若松英輔・東工大教授 私も、今回の新型コロナウイルスの問題においては、命だけではなく「いのち」のことを考えるのが非常に重要だと考えています。自分と自分の愛する人たち、そしてそこにつながる「すべてのいのち」をどう大事に守っていくか。そのことが今問われていると感じます。

 今、日本に欠落しているのは「いのち」という観点でもあるのですが、「すべてのいのち」という視座だと私は思います。「命」は単独で存在する。でも「いのち」は違います。だからこそ、そこに分断が生まれると、自分のことでなくても、私たちはそこに痛みを感じる。

 今の社会においては、残念ながら私たちは身体的な命の面では完全に平等だとはいえません。同じように病気に苦しんでいても、最先端の医療を受けられる人とそうでない人がいるという事実が、はっきりと存在しているわけです。

 でも、いのちにおいては絶対にそうであってはならない。いのちは平等だ、という事も大切なのですが、いのちが存在するから、私たちは平等でなくてならないと、心底感じるということをまず認識したいと思うのです。

 平等と尊厳は、同じことです。いのちは本当の意味で平等でなければならない、そういう認識が広がれば、いのちの尊厳は守られる。

若松英輔・東工大教授

いのちのつながりが、孤立を遠ざける

中島 すべてのいのちを大事に守っていく。そのための最前線の「現場」となるのが地域行政だと思います。
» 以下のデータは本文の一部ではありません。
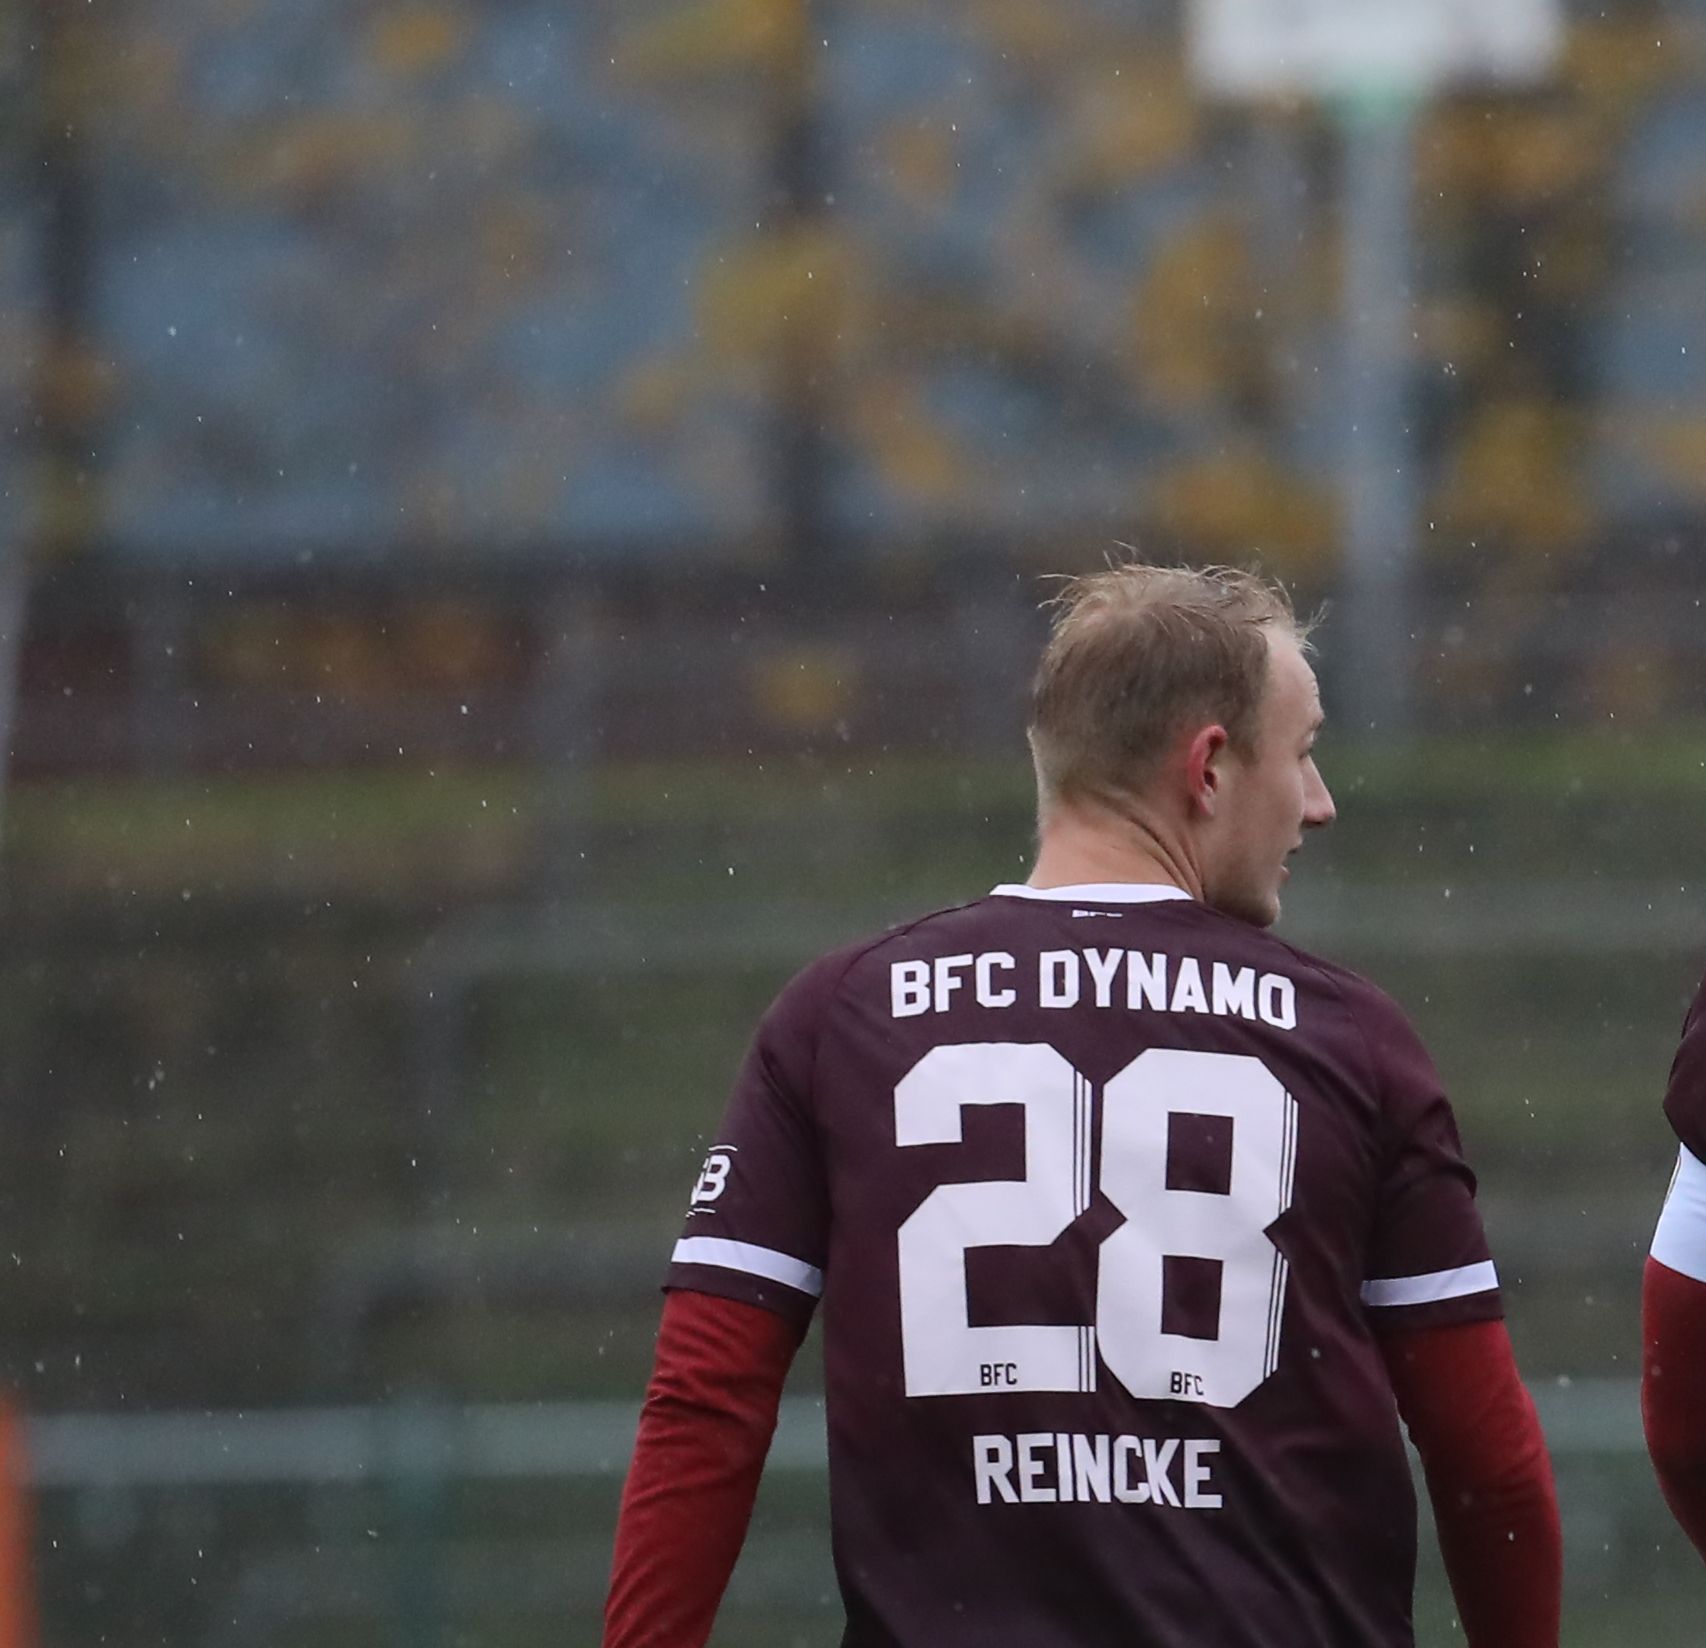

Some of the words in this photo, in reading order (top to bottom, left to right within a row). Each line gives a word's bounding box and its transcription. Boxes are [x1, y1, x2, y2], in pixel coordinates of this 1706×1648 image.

先日の新型コロナウイルス感染症対策専門家会議の提言でも、地域ごとに異なる状況に合わせた対応の重要性や、地域の医療提供体制の検討・整備の必要性が強調されていました。

 保坂さんは今、まさにその最前線で陣頭指揮を取られているわけですが、世田谷区には他の自治体にはないアドバンテージがあるのではないかと私は思っています。なぜなら保坂区政においては、ずっと市民の主体的な参加と熟議をベースにさまざまな政策が積み上げられてきたからです。結果として、区長である保坂さんと区民、そして区と区民との間にしっかりとした関係性や信頼性ができている。これは今回の危機を乗り越える上でも、大きな力になるのではないかと思います。